In My Kitchen: White Chocolate Cranberry Oat Cookies

I’m not usually a big fan of white chocolate. But for some reason, this recipe has easily become my favorite cookie recipe.

The white chocolate chips taste sweet and creamy, not like white chocolate. The cranberries are tart and the oats are sweet, nutty and chewy. Basically all these flavors and textures really mesh together well – enjoy!

Prep time: 15 minutes
Cook time: 15 minutes
Total time: 50 minutes
Yield: 2 dozen cookies

You’ll need:

  • 2 sticks (8 ounces, 1 cup) unsalted butter, at room temperature
  • 1 1/2 cups light brown sugar, packed
  • 1/2 cup granulated sugar
  • 2 large eggs, at room temperature
  • 2 tablespoons milk
  • 1 tablespoon vanilla extract
  • 2 cups all-purpose flour
  • 1 teaspoon baking soda
  • 1 teaspoon baking powder
  • 1/2 teaspoon salt
  • 1 teaspoon ground cinnamon
  • 2 1/2 cups rolled oats (not instant oats)
  • 1 1/2 cups white chocolate chips
  • 3/4 cup dried cranberries


1. Preheat oven to 350 degrees. Line two large baking sheets with parchment paper; set aside.
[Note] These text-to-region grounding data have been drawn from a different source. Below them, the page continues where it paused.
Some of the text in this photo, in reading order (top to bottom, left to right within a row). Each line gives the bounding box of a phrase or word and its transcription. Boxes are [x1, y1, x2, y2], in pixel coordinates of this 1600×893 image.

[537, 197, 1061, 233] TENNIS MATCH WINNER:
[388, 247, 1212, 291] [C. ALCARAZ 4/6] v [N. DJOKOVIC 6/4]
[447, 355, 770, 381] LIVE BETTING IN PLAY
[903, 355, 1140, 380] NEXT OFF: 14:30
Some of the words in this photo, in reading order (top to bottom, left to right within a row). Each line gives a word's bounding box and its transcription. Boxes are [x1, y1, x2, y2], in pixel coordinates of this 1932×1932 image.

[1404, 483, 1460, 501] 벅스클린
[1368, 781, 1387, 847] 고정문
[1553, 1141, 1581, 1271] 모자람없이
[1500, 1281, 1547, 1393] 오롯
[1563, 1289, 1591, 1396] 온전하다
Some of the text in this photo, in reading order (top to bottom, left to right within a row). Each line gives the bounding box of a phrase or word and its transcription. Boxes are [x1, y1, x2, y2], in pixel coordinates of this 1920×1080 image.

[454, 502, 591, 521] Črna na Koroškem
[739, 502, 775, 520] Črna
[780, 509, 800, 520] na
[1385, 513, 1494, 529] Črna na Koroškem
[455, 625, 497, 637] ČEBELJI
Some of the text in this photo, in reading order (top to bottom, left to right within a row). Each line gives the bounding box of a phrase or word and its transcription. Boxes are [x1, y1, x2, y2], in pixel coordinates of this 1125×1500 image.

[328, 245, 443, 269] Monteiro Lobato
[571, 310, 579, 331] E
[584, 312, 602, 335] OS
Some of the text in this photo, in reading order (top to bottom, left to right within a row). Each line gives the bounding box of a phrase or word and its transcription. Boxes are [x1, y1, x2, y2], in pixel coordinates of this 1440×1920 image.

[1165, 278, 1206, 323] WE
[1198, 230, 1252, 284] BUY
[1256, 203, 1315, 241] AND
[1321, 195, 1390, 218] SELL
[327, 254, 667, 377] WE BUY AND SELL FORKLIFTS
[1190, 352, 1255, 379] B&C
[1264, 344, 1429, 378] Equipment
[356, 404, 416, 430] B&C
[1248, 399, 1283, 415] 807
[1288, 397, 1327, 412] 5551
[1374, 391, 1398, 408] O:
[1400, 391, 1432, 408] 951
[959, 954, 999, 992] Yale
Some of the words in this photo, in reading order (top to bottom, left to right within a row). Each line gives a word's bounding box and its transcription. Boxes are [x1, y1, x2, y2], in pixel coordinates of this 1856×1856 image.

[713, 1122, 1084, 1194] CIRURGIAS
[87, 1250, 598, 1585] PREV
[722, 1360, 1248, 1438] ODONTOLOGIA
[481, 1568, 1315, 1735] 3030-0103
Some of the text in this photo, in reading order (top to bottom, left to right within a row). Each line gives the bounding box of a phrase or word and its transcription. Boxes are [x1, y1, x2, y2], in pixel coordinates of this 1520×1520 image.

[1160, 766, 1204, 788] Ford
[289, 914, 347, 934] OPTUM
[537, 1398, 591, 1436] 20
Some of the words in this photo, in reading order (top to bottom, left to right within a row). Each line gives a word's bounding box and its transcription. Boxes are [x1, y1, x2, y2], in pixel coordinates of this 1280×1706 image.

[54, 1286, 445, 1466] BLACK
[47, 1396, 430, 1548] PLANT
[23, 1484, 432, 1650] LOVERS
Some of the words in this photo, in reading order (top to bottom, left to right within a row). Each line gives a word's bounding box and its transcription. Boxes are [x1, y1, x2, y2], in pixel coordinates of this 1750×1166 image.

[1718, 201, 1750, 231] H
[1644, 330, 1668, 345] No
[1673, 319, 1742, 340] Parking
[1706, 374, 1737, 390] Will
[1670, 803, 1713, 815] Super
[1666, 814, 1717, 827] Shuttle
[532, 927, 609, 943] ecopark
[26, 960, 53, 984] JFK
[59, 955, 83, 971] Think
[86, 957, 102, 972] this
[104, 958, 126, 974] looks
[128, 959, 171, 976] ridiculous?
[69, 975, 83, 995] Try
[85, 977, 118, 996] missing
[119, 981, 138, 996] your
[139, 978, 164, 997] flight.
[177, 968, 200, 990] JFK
2. In the bowl of a stand mixer fitted with the paddle attachment, or in a large bowl using a handheld electric mixer, cream the butter and both sugars until light and fluffy.

3. Beat in the eggs, one at a time, scraping down the sides as needed. Beat in the milk and the vanilla extract until combined.

4. In a medium bowl, stir together the flour, baking soda, baking powder, salt, and cinnamon. On low speed, gradually beat the flour mixture into the butter/sugar mixture until just incorporated. Turn mixer off.

5. Using a wooden spoon or your hands, stir the oats, white chocolate chips, and cranberries into the cookie dough, stirring just until incorporated.

6. Scoop 2-inch balls of cookie dough onto the prepared baking sheets, leaving about 1 and 1/2 inches between so they have room to spread.

7. Bake, one sheet at a time, in preheated oven for 10 to 12 minutes, or until cookies are golden and set at the edges and still slightly soft in the center. Repeat with all cookie dough.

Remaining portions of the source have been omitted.